Simak wrote science fiction in a much more speculative age meaning nothing is explained but rather approached from a future where much has been perfected already. This leads to independently thinking and feeling robots but also the robots talk, think and behave almost exactly like humans. One of the robots thinks in and talks with an old timey southern accent (and it serves a family of poor white trash; draw your own conclusions), while another is a sassy former baseball pitcher and it's all too Norman Rockwell's vision of the future most of the time.
But! This kind of treatment of what space flight and having robots leads to the bedrock of a morality that Asmiov, Rodenberry and the rest would improve upon. When man voyages out into the stars what should our role ultimately be? When we build machines that act and think like ourselves but outlast and outlive us, what is to become of man? What would it feel like to be trapped in a lobster like body for an eternity?
Clifford Simak is one of those authors whose stories I remember decades later. Way Station captured my imagination at least 40 years ago and I recall it fondly. I'm never a big fan of short stories but Simak was often featured in the pulp scifi of yesteryear. This is a collection of short stories that show how the old guard authors imbued their stories with a sense of hope.

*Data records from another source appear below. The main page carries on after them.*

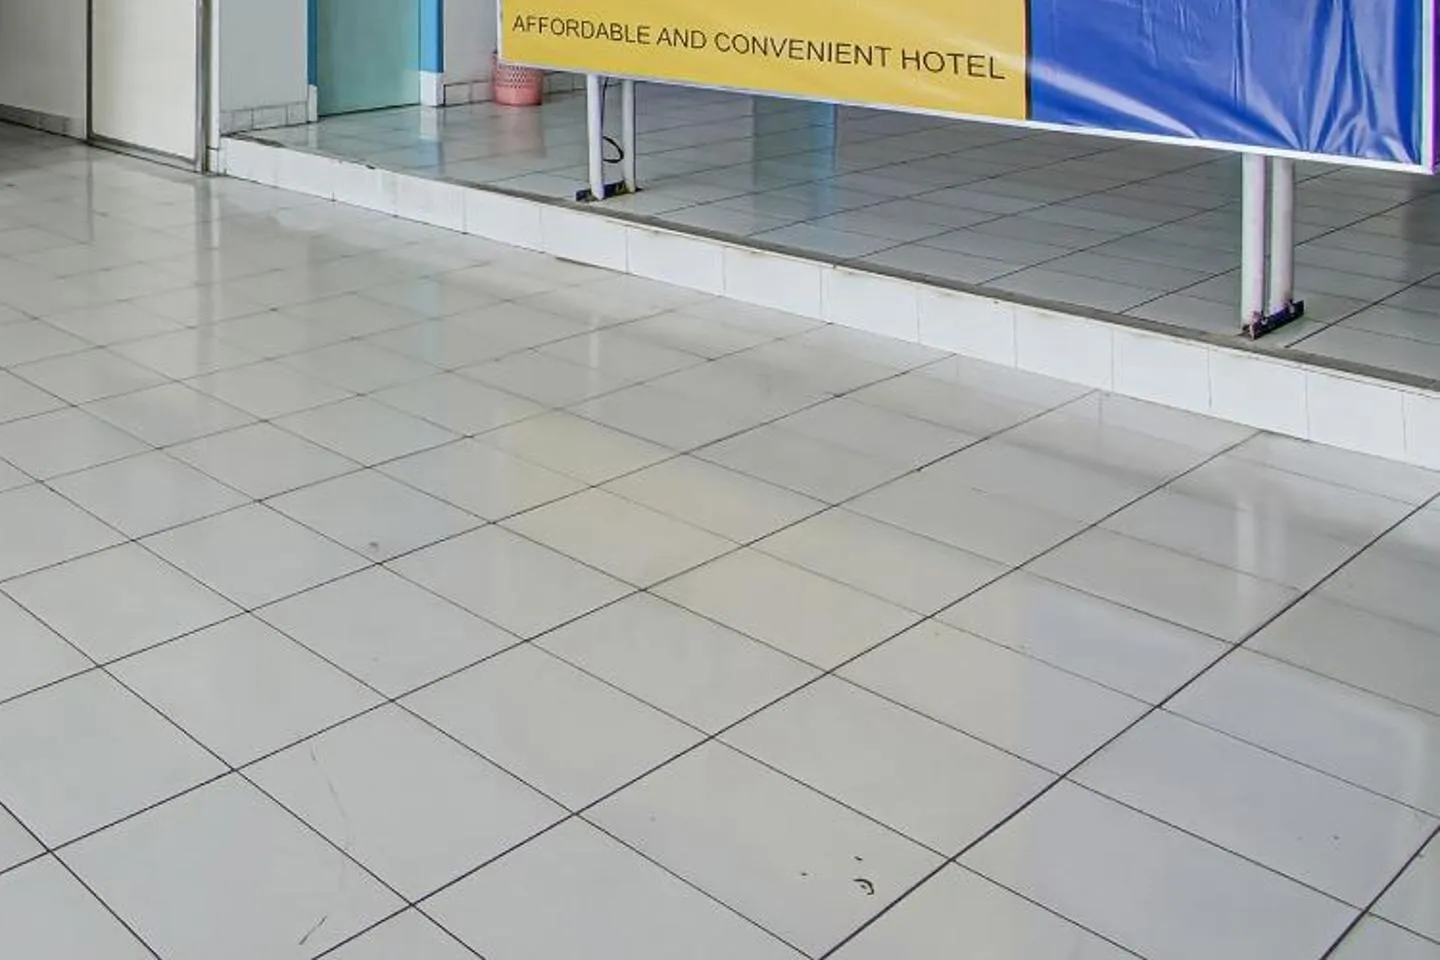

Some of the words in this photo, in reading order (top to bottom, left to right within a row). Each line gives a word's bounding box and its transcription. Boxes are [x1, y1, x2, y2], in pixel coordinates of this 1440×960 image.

[511, 14, 651, 46] AFFORDABLE
[656, 28, 708, 51] AND
[713, 33, 891, 68] CONVENIENT
[899, 50, 1006, 81] HOTEL
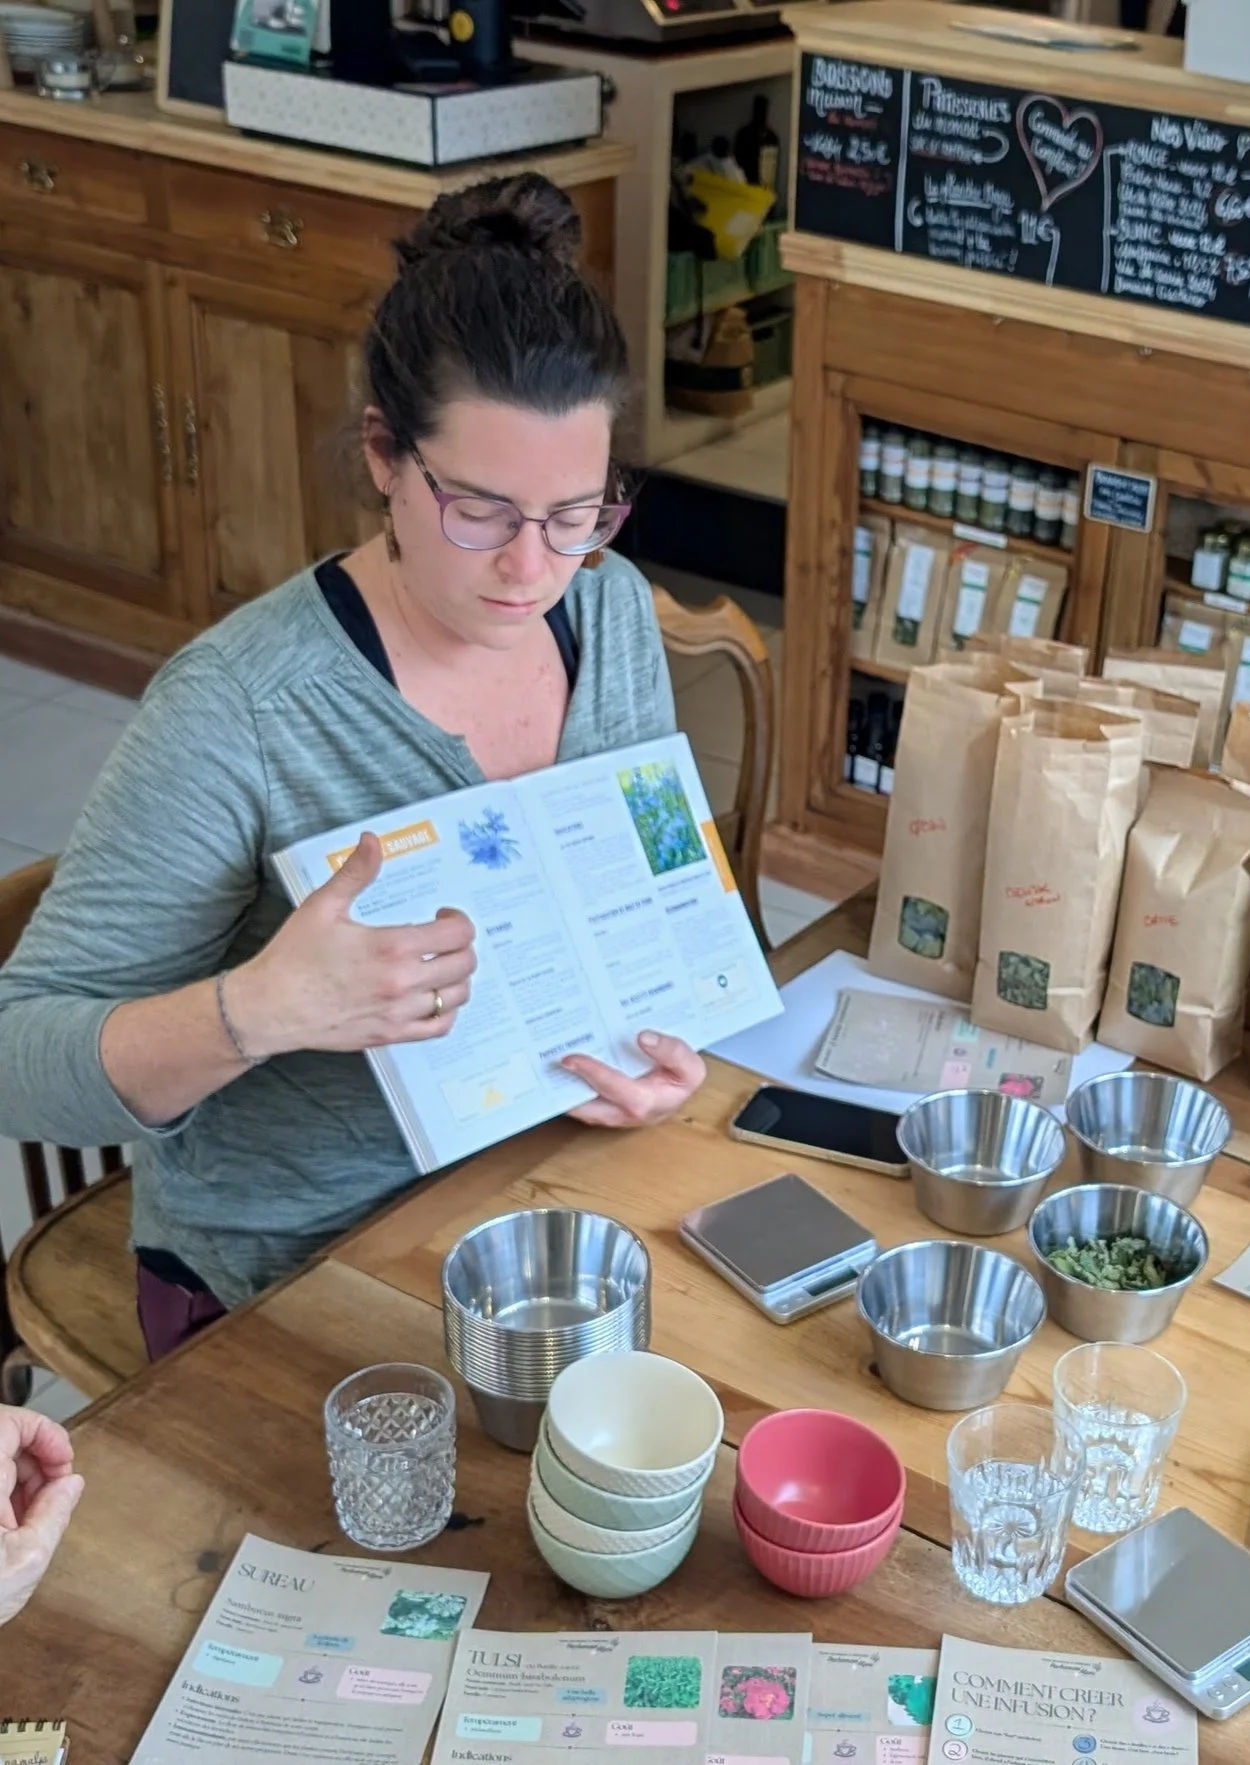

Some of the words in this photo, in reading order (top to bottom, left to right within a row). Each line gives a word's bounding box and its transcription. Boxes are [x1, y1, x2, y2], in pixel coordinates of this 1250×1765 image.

[238, 1563, 315, 1592] SUREAU
[468, 1649, 522, 1668] TULSI
[182, 1680, 240, 1703] Indications
[953, 1670, 1057, 1699] COMMENT
[1060, 1687, 1125, 1707] CREER
[951, 1687, 990, 1708] UNE
[994, 1696, 1084, 1721] INFUSION
[1087, 1708, 1097, 1722] ?
[952, 1718, 965, 1730] 1
[451, 1749, 512, 1762] Indications
[948, 1742, 962, 1756] 2
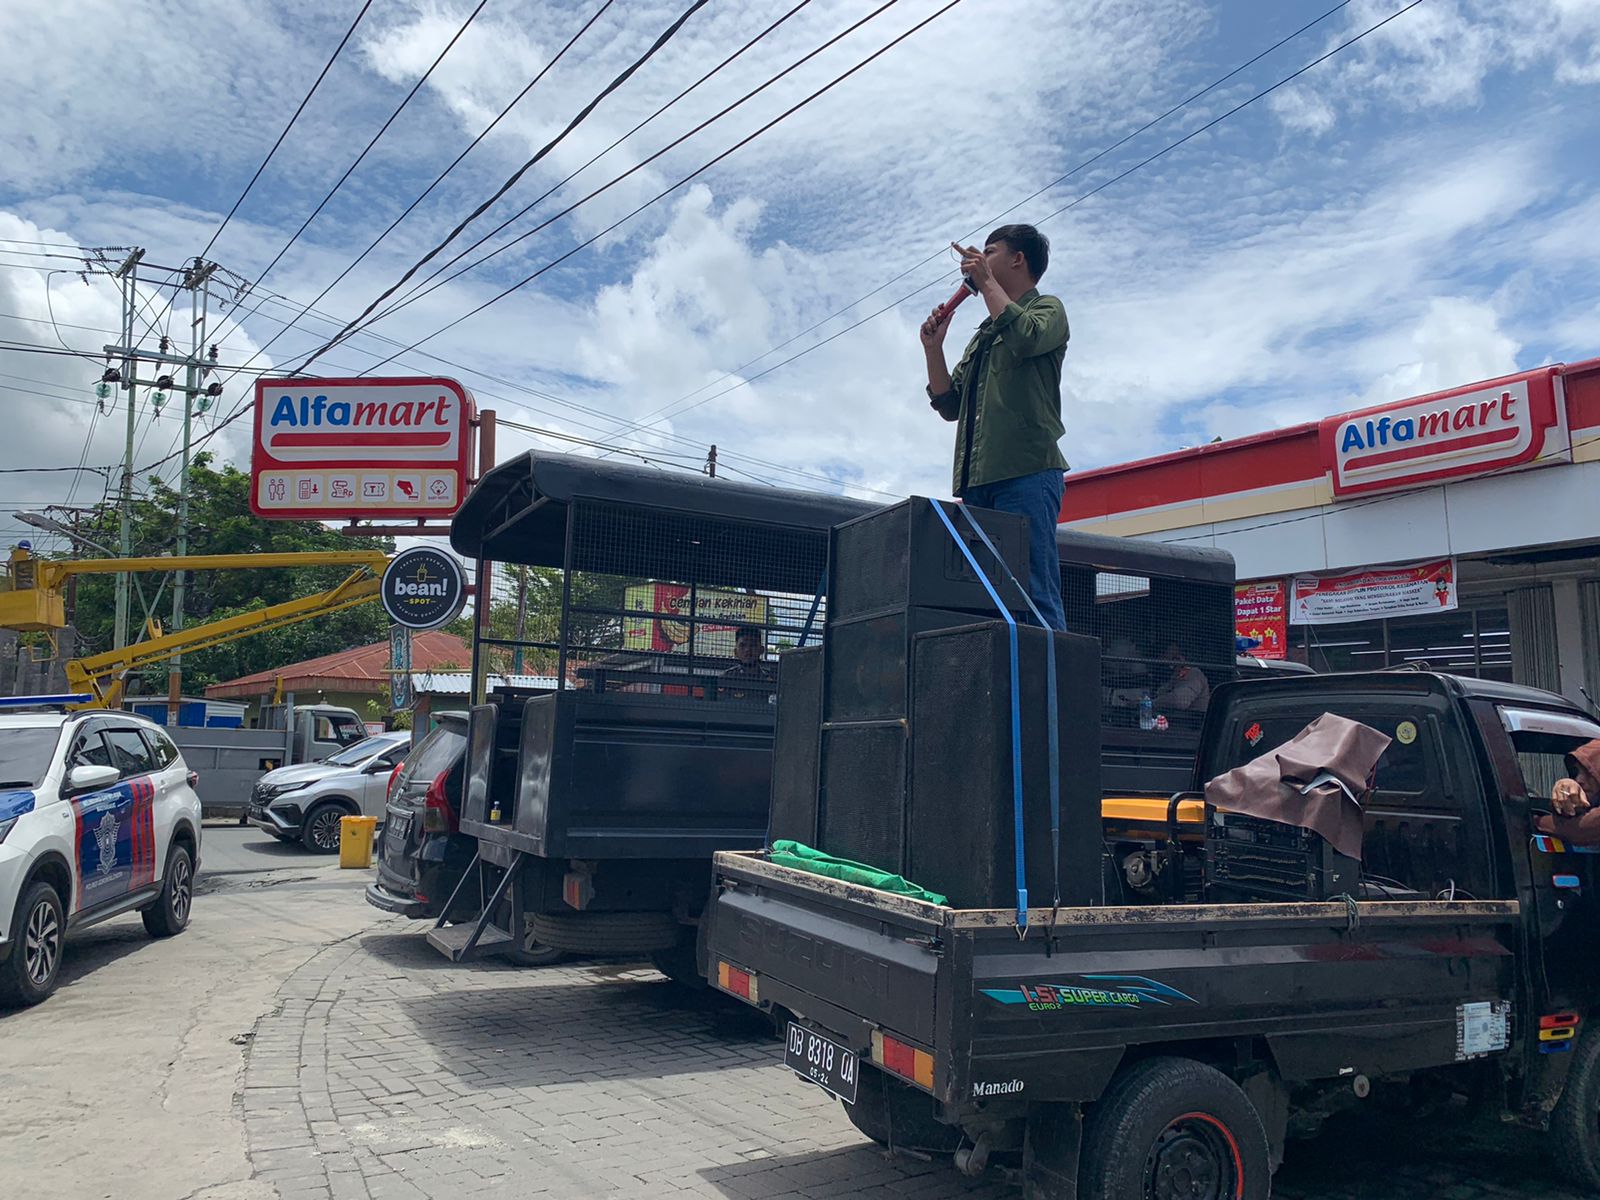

There were a few occurrences that showed the dated aspect of the story. Not the plot or character motivations but references to current technology or prices. One story actually referred to a million dollars as an astronomical sum. Not the mere pittance of today when it can't approach the cost of one of the ubiquitous and extremely annoying repetitive political TV smear ads.
The book was a trundle down to the SciFi of yesteryear and well worth the trundle.